• [Problem]: The full data, repeated exactly, is the only answer needed.

Referring expression grounding data
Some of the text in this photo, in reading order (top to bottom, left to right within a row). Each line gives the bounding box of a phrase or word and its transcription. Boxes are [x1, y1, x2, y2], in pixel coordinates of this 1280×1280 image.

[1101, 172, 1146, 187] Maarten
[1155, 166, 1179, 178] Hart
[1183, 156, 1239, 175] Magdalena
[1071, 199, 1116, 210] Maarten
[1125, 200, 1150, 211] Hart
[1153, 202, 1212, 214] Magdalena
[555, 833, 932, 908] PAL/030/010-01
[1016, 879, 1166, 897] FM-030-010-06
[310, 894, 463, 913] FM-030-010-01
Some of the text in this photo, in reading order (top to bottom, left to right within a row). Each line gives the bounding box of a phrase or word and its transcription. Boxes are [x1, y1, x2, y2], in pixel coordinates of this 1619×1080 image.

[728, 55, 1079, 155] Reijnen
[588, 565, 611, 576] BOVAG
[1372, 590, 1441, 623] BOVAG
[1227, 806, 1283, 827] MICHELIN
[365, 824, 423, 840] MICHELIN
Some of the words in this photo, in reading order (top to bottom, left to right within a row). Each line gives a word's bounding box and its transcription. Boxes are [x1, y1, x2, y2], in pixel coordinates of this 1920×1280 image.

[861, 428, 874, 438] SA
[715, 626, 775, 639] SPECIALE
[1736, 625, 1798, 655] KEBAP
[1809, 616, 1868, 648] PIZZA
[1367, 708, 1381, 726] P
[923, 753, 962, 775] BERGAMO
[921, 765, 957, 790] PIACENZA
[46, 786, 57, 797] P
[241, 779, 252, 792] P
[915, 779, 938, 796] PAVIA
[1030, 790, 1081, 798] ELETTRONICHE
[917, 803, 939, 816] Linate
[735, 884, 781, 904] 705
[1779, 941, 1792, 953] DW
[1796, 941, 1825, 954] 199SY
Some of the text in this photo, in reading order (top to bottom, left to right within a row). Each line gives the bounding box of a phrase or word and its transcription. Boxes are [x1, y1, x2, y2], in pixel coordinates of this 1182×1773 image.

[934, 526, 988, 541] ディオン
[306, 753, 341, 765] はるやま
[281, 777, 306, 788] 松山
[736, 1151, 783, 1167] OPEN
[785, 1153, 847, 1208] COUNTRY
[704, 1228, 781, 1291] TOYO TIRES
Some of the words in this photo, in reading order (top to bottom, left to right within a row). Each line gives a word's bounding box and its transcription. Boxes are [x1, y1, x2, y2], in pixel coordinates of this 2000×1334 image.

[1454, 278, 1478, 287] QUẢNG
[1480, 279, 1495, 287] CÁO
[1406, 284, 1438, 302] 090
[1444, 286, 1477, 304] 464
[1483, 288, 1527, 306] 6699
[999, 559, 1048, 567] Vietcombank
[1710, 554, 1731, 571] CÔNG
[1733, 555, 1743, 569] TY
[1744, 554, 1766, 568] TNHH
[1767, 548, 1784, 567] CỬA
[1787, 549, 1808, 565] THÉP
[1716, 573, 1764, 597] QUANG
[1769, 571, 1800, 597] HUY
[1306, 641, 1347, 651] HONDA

• [Task response]:
Some of the text in this photo, in reading order (top to bottom, left to right within a row). Each line gives the bounding box of a phrase or word and its transcription. Boxes are [x1, y1, x2, y2], in pixel coordinates of this 1280×1280 image.

[1101, 172, 1146, 187] Maarten
[1155, 166, 1179, 178] Hart
[1183, 156, 1239, 175] Magdalena
[1071, 199, 1116, 210] Maarten
[1125, 200, 1150, 211] Hart
[1153, 202, 1212, 214] Magdalena
[555, 833, 932, 908] PAL/030/010-01
[1016, 879, 1166, 897] FM-030-010-06
[310, 894, 463, 913] FM-030-010-01
Some of the text in this photo, in reading order (top to bottom, left to right within a row). Each line gives the bounding box of a phrase or word and its transcription. Boxes are [x1, y1, x2, y2], in pixel coordinates of this 1619×1080 image.

[728, 55, 1079, 155] Reijnen
[588, 565, 611, 576] BOVAG
[1372, 590, 1441, 623] BOVAG
[1227, 806, 1283, 827] MICHELIN
[365, 824, 423, 840] MICHELIN
Some of the words in this photo, in reading order (top to bottom, left to right within a row). Each line gives a word's bounding box and its transcription. Boxes are [x1, y1, x2, y2], in pixel coordinates of this 1920×1280 image.

[861, 428, 874, 438] SA
[715, 626, 775, 639] SPECIALE
[1736, 625, 1798, 655] KEBAP
[1809, 616, 1868, 648] PIZZA
[1367, 708, 1381, 726] P
[923, 753, 962, 775] BERGAMO
[921, 765, 957, 790] PIACENZA
[46, 786, 57, 797] P
[241, 779, 252, 792] P
[915, 779, 938, 796] PAVIA
[1030, 790, 1081, 798] ELETTRONICHE
[917, 803, 939, 816] Linate
[735, 884, 781, 904] 705
[1779, 941, 1792, 953] DW
[1796, 941, 1825, 954] 199SY
Some of the text in this photo, in reading order (top to bottom, left to right within a row). Each line gives the bounding box of a phrase or word and its transcription. Boxes are [x1, y1, x2, y2], in pixel coordinates of this 1182×1773 image.

[934, 526, 988, 541] ディオン
[306, 753, 341, 765] はるやま
[281, 777, 306, 788] 松山
[736, 1151, 783, 1167] OPEN
[785, 1153, 847, 1208] COUNTRY
[704, 1228, 781, 1291] TOYO TIRES
Some of the words in this photo, in reading order (top to bottom, left to right within a row). Each line gives a word's bounding box and its transcription. Boxes are [x1, y1, x2, y2], in pixel coordinates of this 2000×1334 image.

[1454, 278, 1478, 287] QUẢNG
[1480, 279, 1495, 287] CÁO
[1406, 284, 1438, 302] 090
[1444, 286, 1477, 304] 464
[1483, 288, 1527, 306] 6699
[999, 559, 1048, 567] Vietcombank
[1710, 554, 1731, 571] CÔNG
[1733, 555, 1743, 569] TY
[1744, 554, 1766, 568] TNHH
[1767, 548, 1784, 567] CỬA
[1787, 549, 1808, 565] THÉP
[1716, 573, 1764, 597] QUANG
[1769, 571, 1800, 597] HUY
[1306, 641, 1347, 651] HONDA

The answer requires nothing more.